Task details: An exact copy of the listing is required, with its pictures removed.

Given records:
* * *
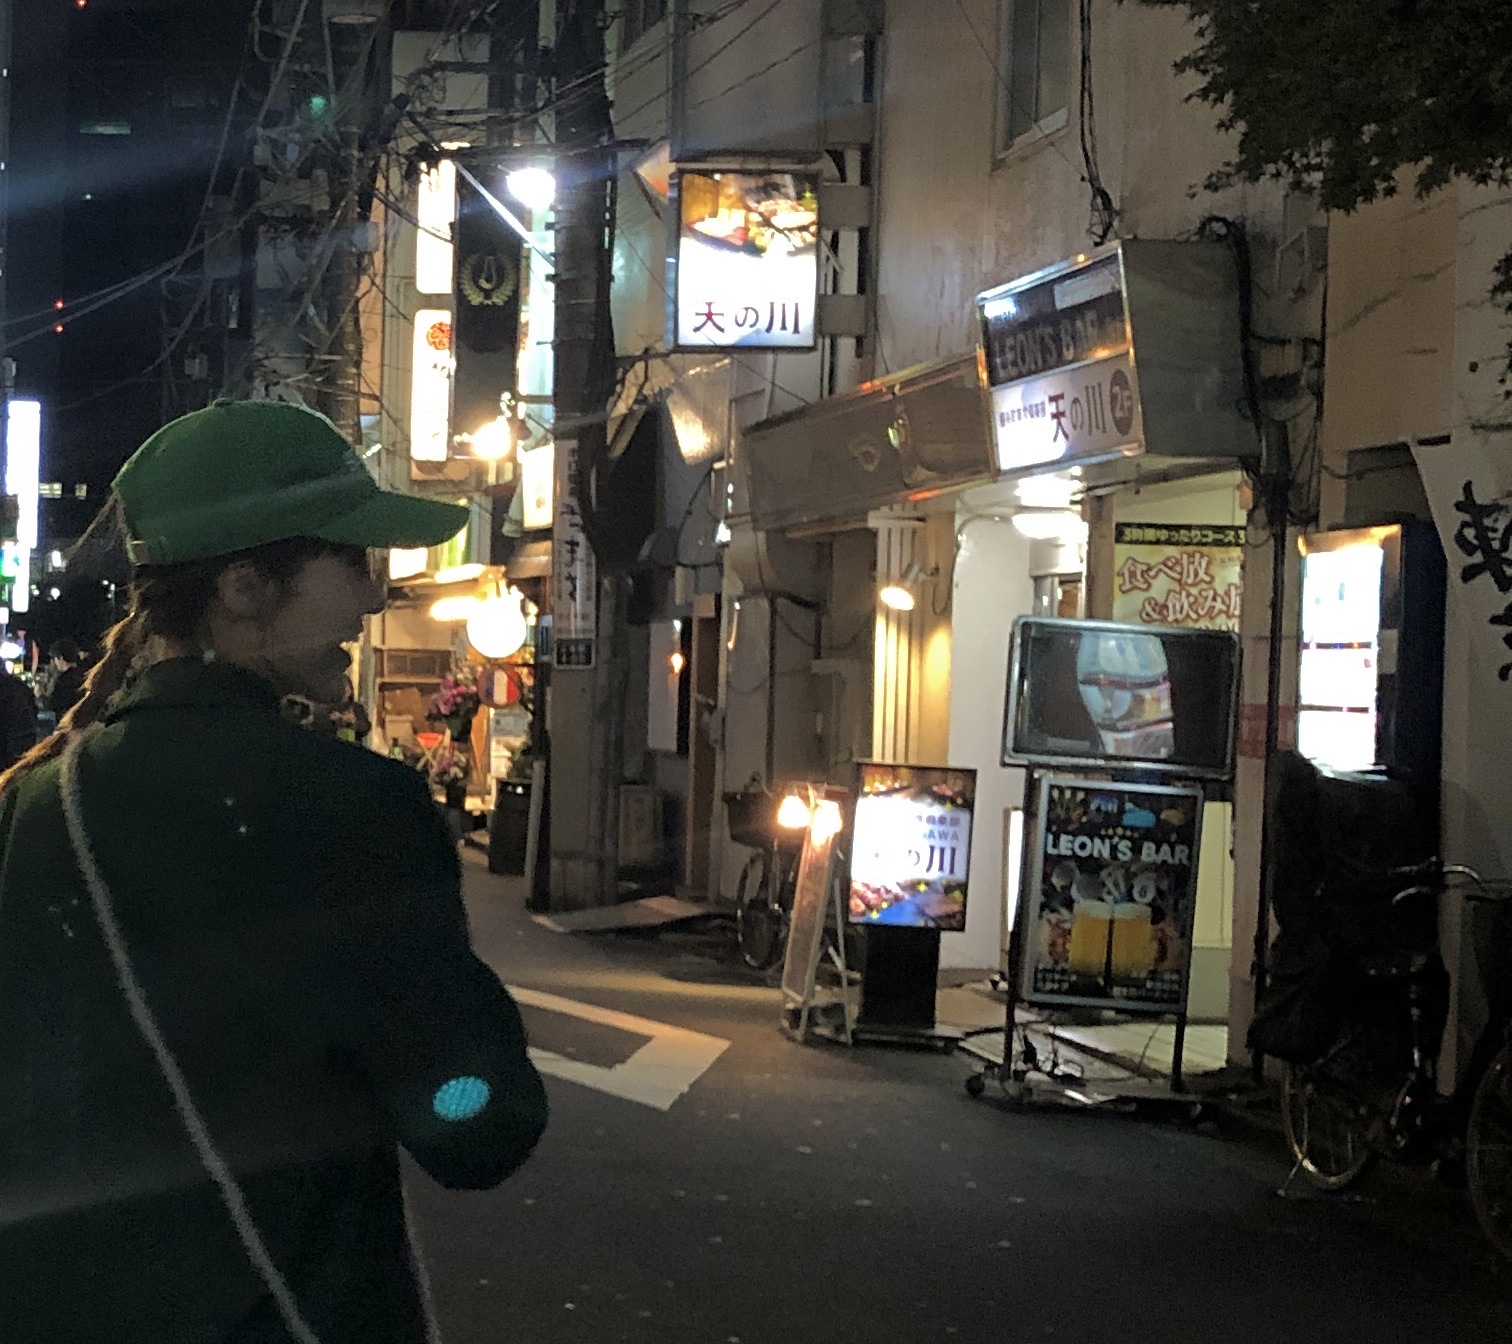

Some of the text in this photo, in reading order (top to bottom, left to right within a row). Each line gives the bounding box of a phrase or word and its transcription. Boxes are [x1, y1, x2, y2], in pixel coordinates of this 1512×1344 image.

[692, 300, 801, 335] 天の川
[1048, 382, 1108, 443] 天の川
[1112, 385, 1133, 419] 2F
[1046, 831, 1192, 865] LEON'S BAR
* * *
Your response:
Some of the text in this photo, in reading order (top to bottom, left to right within a row). Each line gives the bounding box of a phrase or word and its transcription. Boxes are [x1, y1, x2, y2], in pixel coordinates of this 1512×1344 image.

[692, 300, 801, 335] 天の川
[1048, 382, 1108, 443] 天の川
[1112, 385, 1133, 419] 2F
[1046, 831, 1192, 865] LEON'S BAR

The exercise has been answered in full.